### Problem statement
What is needed is a faithful transcription of all the data below, pictures excluded.

Records from a dataset
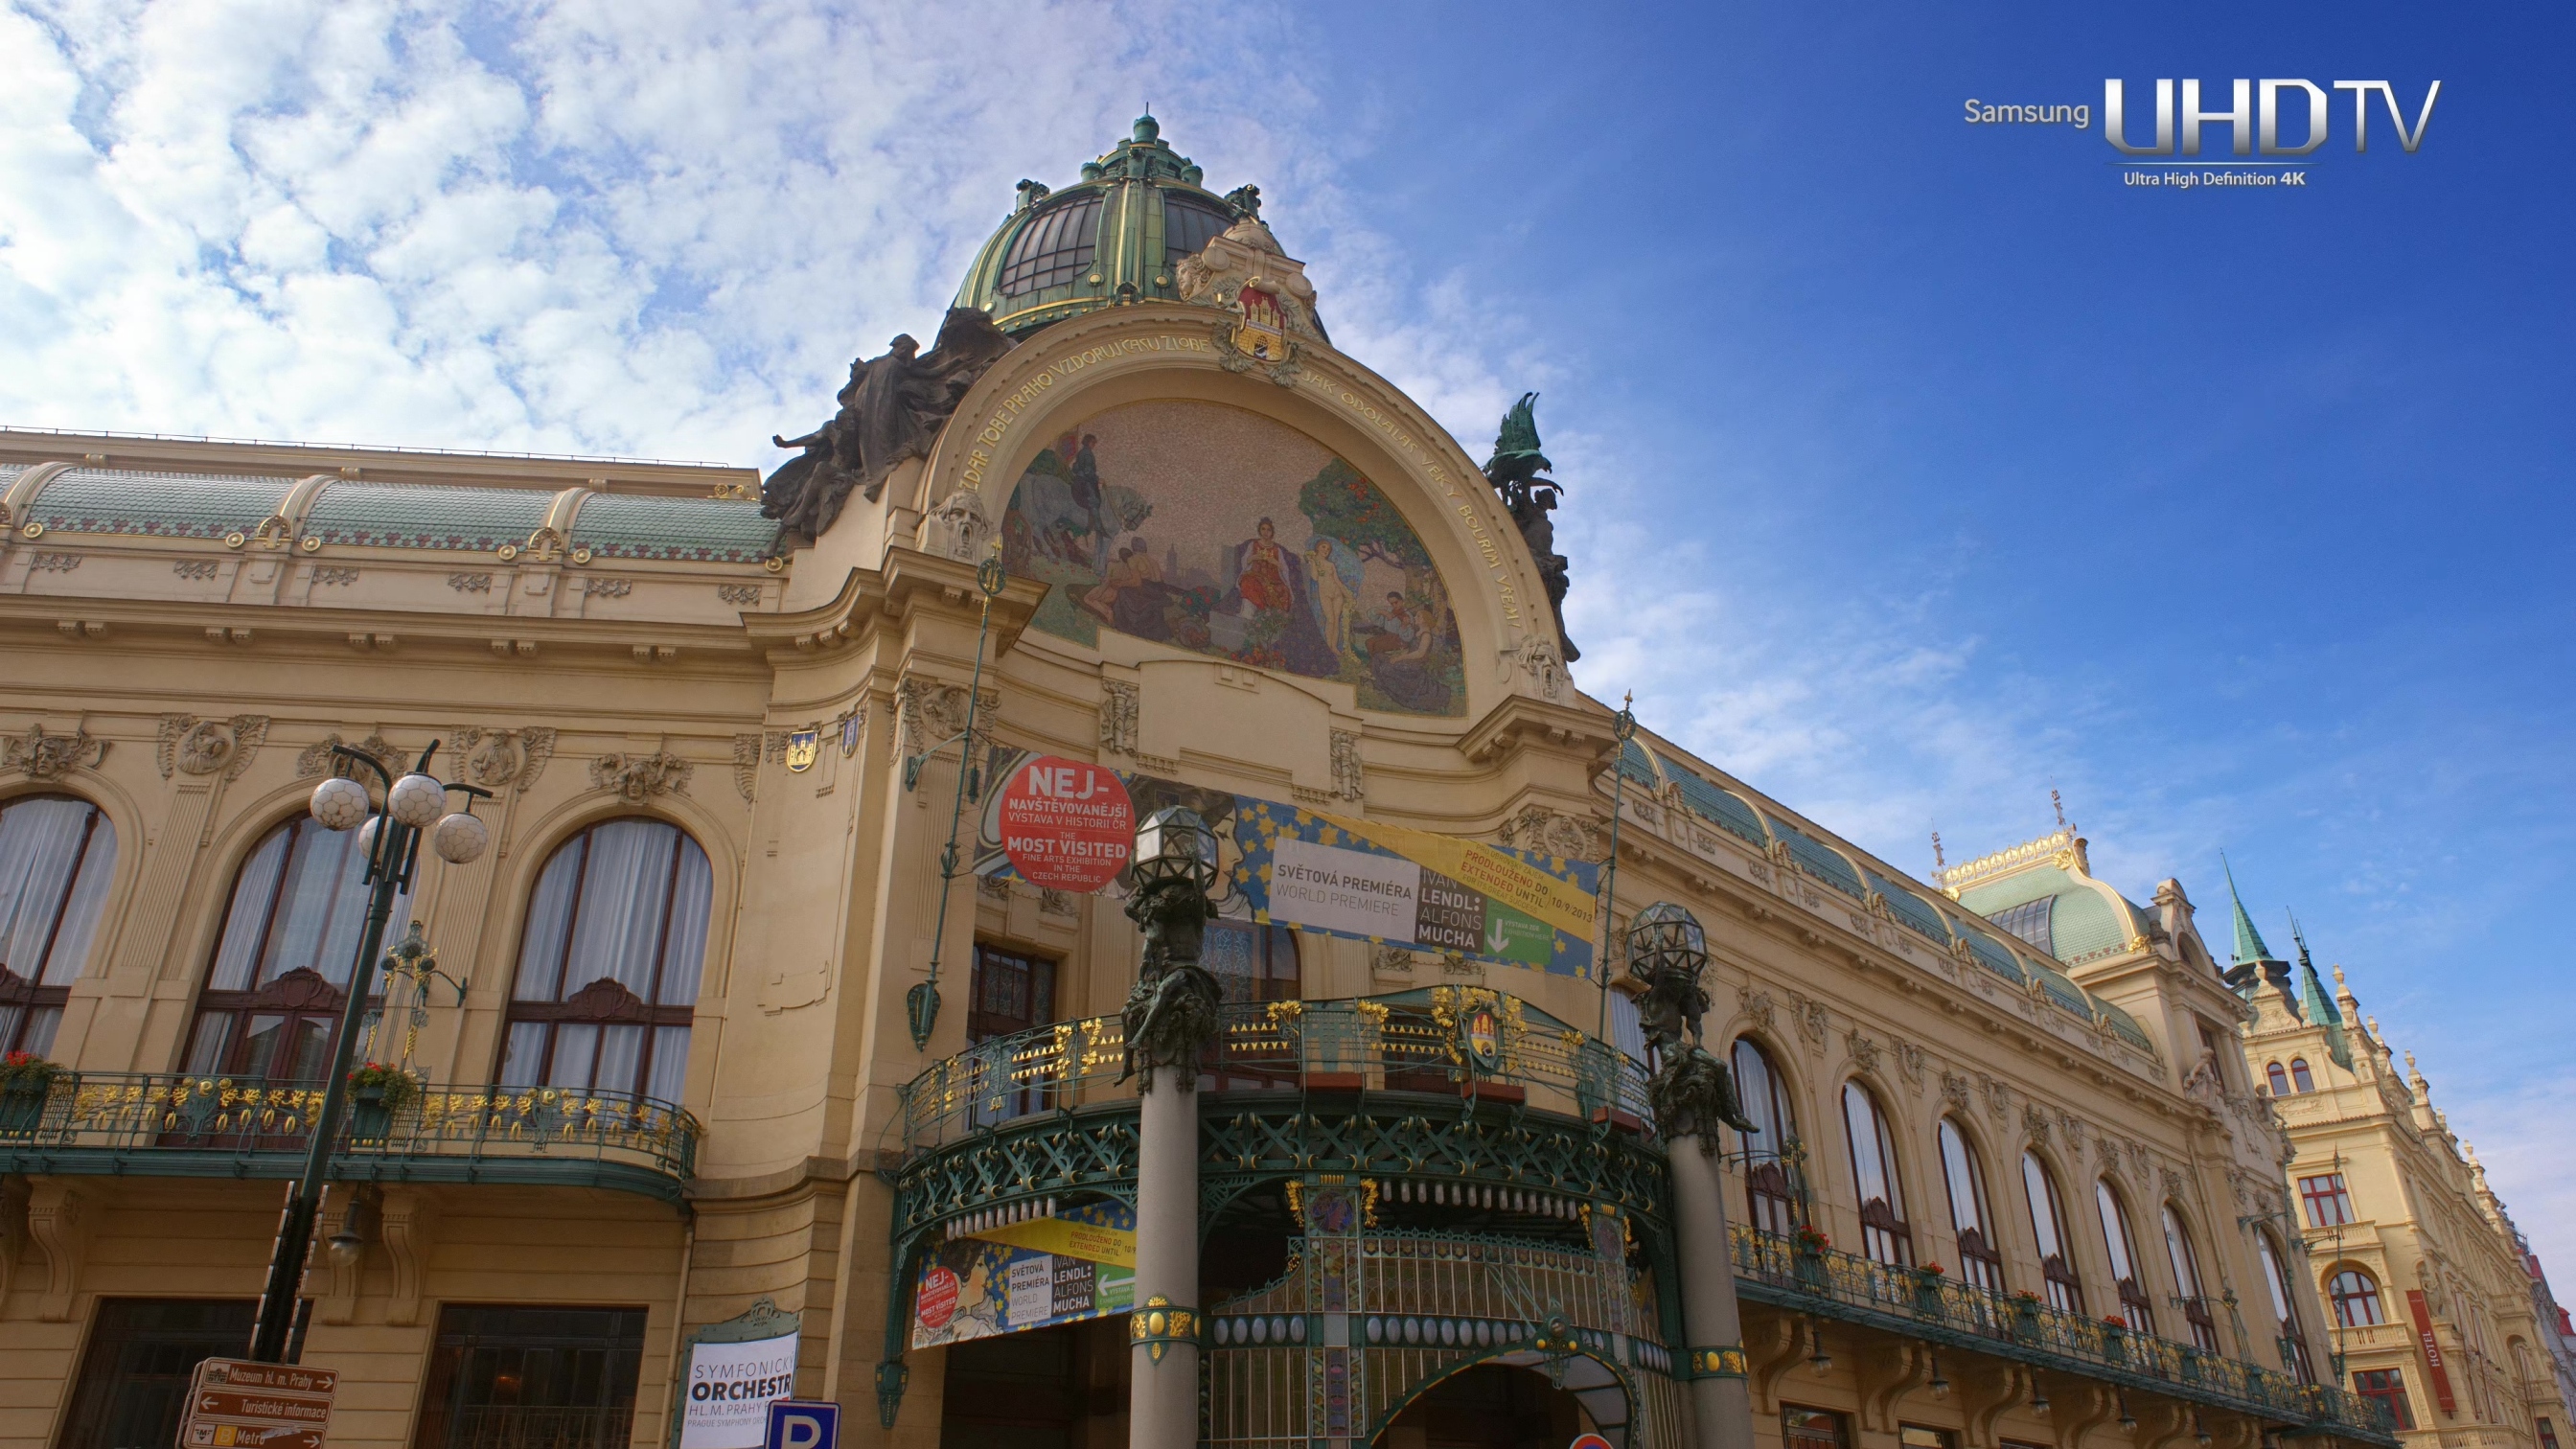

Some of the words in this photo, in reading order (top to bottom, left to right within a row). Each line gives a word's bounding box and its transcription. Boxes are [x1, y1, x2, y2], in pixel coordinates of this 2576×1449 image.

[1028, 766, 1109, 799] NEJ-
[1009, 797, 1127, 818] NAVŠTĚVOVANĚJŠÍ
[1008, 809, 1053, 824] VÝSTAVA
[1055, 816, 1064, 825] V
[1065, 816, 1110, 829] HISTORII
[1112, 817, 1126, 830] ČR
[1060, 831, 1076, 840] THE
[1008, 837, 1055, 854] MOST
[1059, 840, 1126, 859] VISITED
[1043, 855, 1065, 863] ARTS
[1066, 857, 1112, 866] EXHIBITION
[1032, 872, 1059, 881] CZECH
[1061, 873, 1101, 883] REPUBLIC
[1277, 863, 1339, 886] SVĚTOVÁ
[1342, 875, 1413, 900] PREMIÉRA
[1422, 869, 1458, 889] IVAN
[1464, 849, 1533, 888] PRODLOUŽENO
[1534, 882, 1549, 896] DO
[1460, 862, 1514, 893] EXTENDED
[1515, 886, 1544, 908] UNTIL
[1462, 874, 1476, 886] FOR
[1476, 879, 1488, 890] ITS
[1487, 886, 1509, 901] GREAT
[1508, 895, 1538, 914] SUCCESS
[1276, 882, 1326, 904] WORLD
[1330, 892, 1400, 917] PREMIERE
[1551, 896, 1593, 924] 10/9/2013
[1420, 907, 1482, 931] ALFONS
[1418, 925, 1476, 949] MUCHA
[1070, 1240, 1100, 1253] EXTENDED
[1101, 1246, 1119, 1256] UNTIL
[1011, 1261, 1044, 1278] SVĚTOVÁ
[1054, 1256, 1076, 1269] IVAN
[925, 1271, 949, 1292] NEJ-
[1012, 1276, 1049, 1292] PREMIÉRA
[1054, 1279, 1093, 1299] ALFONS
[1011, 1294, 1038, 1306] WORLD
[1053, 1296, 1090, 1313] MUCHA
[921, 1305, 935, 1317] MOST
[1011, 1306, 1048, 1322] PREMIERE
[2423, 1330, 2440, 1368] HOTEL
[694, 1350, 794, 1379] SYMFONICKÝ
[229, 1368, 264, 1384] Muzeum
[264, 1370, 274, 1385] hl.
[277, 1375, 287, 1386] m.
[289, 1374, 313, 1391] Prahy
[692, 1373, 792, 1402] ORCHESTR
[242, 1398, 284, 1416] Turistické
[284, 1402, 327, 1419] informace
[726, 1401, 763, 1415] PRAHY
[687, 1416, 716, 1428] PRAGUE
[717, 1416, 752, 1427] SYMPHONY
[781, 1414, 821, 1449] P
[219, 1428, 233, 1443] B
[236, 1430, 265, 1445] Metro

### The completed task
Some of the words in this photo, in reading order (top to bottom, left to right within a row). Each line gives a word's bounding box and its transcription. Boxes are [x1, y1, x2, y2], in pixel coordinates of this 2576×1449 image.

[1028, 766, 1109, 799] NEJ-
[1009, 797, 1127, 818] NAVŠTĚVOVANĚJŠÍ
[1008, 809, 1053, 824] VÝSTAVA
[1055, 816, 1064, 825] V
[1065, 816, 1110, 829] HISTORII
[1112, 817, 1126, 830] ČR
[1060, 831, 1076, 840] THE
[1008, 837, 1055, 854] MOST
[1059, 840, 1126, 859] VISITED
[1043, 855, 1065, 863] ARTS
[1066, 857, 1112, 866] EXHIBITION
[1032, 872, 1059, 881] CZECH
[1061, 873, 1101, 883] REPUBLIC
[1277, 863, 1339, 886] SVĚTOVÁ
[1342, 875, 1413, 900] PREMIÉRA
[1422, 869, 1458, 889] IVAN
[1464, 849, 1533, 888] PRODLOUŽENO
[1534, 882, 1549, 896] DO
[1460, 862, 1514, 893] EXTENDED
[1515, 886, 1544, 908] UNTIL
[1462, 874, 1476, 886] FOR
[1476, 879, 1488, 890] ITS
[1487, 886, 1509, 901] GREAT
[1508, 895, 1538, 914] SUCCESS
[1276, 882, 1326, 904] WORLD
[1330, 892, 1400, 917] PREMIERE
[1551, 896, 1593, 924] 10/9/2013
[1420, 907, 1482, 931] ALFONS
[1418, 925, 1476, 949] MUCHA
[1070, 1240, 1100, 1253] EXTENDED
[1101, 1246, 1119, 1256] UNTIL
[1011, 1261, 1044, 1278] SVĚTOVÁ
[1054, 1256, 1076, 1269] IVAN
[925, 1271, 949, 1292] NEJ-
[1012, 1276, 1049, 1292] PREMIÉRA
[1054, 1279, 1093, 1299] ALFONS
[1011, 1294, 1038, 1306] WORLD
[1053, 1296, 1090, 1313] MUCHA
[921, 1305, 935, 1317] MOST
[1011, 1306, 1048, 1322] PREMIERE
[2423, 1330, 2440, 1368] HOTEL
[694, 1350, 794, 1379] SYMFONICKÝ
[229, 1368, 264, 1384] Muzeum
[264, 1370, 274, 1385] hl.
[277, 1375, 287, 1386] m.
[289, 1374, 313, 1391] Prahy
[692, 1373, 792, 1402] ORCHESTR
[242, 1398, 284, 1416] Turistické
[284, 1402, 327, 1419] informace
[726, 1401, 763, 1415] PRAHY
[687, 1416, 716, 1428] PRAGUE
[717, 1416, 752, 1427] SYMPHONY
[781, 1414, 821, 1449] P
[219, 1428, 233, 1443] B
[236, 1430, 265, 1445] Metro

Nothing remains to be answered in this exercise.